TASK DETAILS: Each entry is to be reproduced verbatim, and images are to be omitted.

DATA FOR THIS TASK:
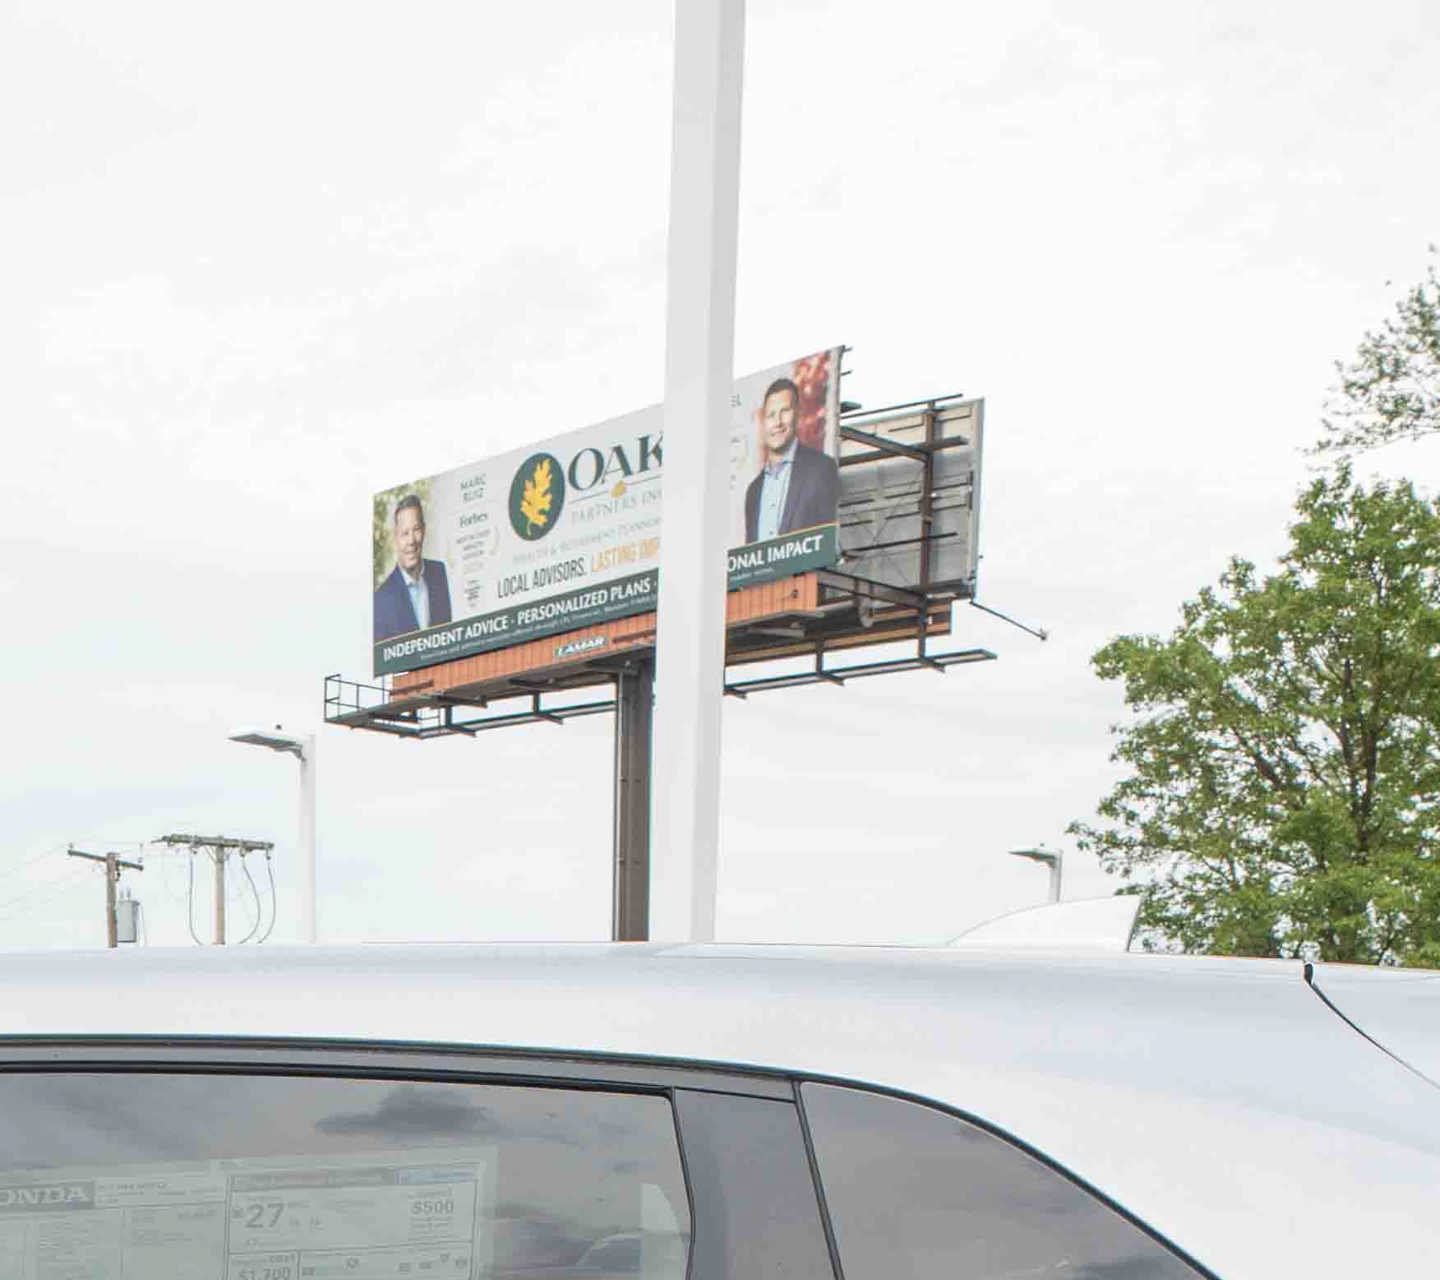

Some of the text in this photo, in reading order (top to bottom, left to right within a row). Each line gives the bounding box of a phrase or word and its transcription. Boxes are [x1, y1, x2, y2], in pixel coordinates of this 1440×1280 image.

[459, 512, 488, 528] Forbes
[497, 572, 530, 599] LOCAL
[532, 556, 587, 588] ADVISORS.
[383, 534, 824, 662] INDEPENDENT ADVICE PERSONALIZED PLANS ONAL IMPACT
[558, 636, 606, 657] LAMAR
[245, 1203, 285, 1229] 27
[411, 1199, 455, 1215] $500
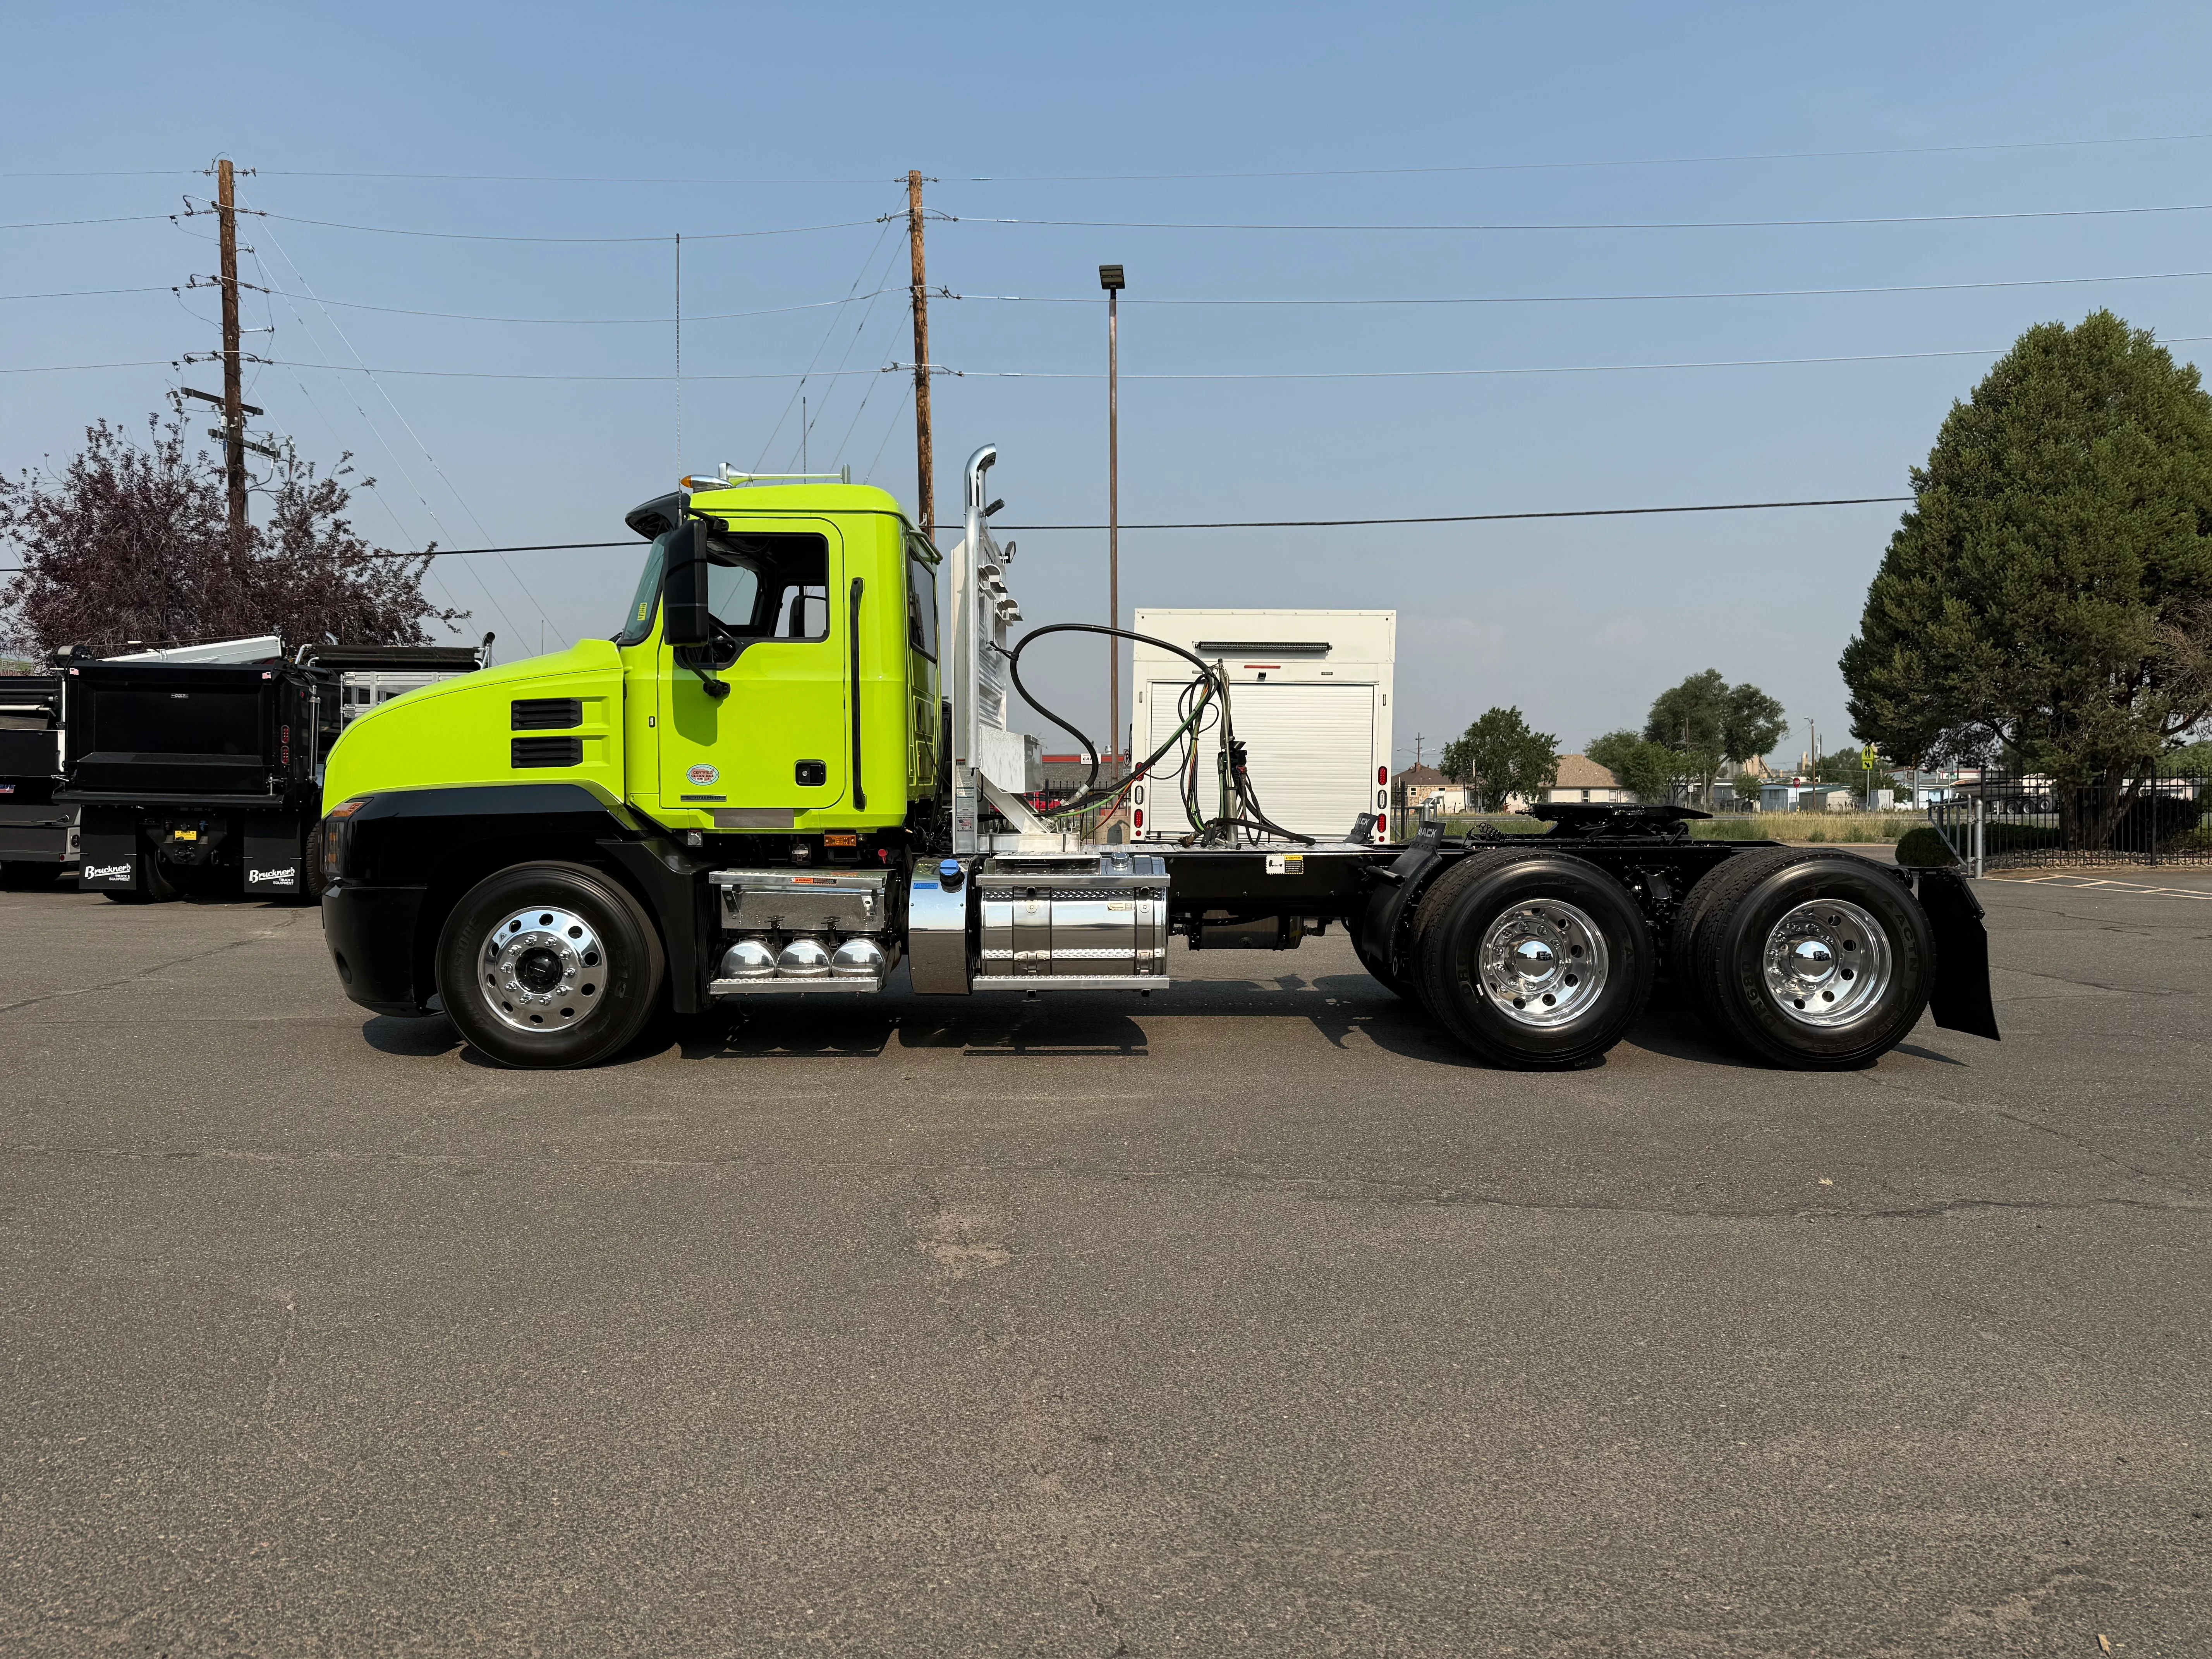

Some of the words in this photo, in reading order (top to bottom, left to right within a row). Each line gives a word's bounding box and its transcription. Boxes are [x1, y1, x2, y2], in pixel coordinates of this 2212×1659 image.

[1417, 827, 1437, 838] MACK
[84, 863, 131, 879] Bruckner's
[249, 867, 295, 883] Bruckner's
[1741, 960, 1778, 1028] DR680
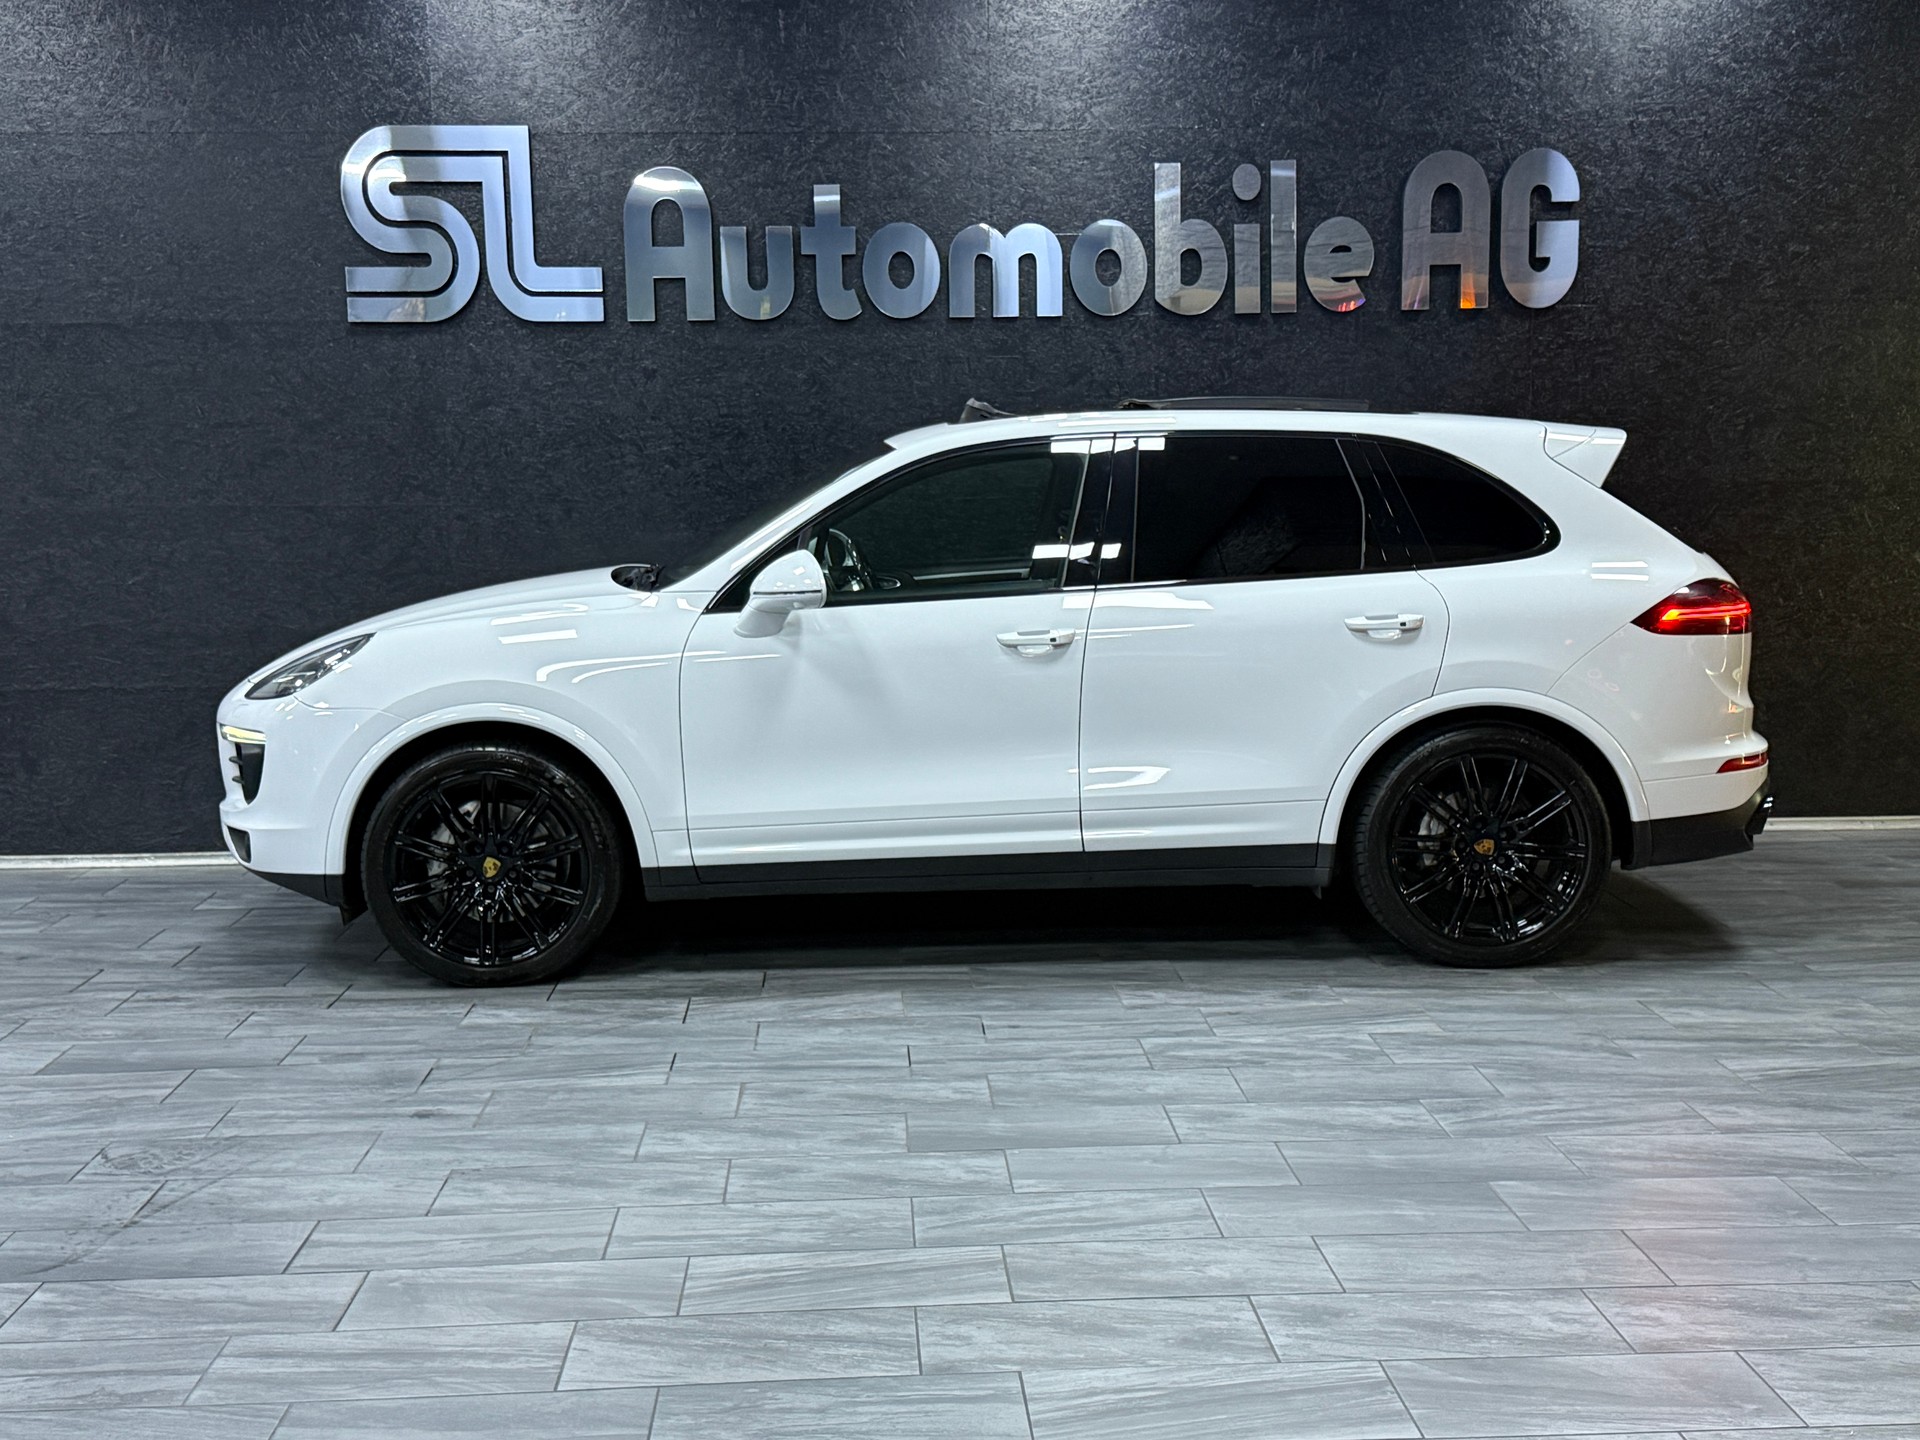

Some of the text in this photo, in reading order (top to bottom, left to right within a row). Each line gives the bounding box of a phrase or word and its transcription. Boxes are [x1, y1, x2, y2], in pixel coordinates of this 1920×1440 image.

OUTPUT:
Some of the text in this photo, in reading order (top to bottom, left to right within a row). Each line gives the bounding box of a phrase or word and its transcription. Boxes are [x1, y1, x2, y2], in pixel coordinates of this 1440×1280 image.

[459, 512, 488, 528] Forbes
[497, 572, 530, 599] LOCAL
[532, 556, 587, 588] ADVISORS.
[383, 534, 824, 662] INDEPENDENT ADVICE PERSONALIZED PLANS ONAL IMPACT
[558, 636, 606, 657] LAMAR
[245, 1203, 285, 1229] 27
[411, 1199, 455, 1215] $500

Some of the words in this photo, in reading order (top to bottom, left to right within a row). Each line gives a word's bounding box and its transcription. Boxes are [x1, y1, x2, y2], in pixel coordinates of this 2212×1659 image.

[1417, 827, 1437, 838] MACK
[84, 863, 131, 879] Bruckner's
[249, 867, 295, 883] Bruckner's
[1741, 960, 1778, 1028] DR680

Some of the text in this photo, in reading order (top to bottom, left to right within a row). Each line gives the bounding box of a phrase or word and its transcription. Boxes are [x1, y1, x2, y2], in pixel coordinates of this 1920×1440 image.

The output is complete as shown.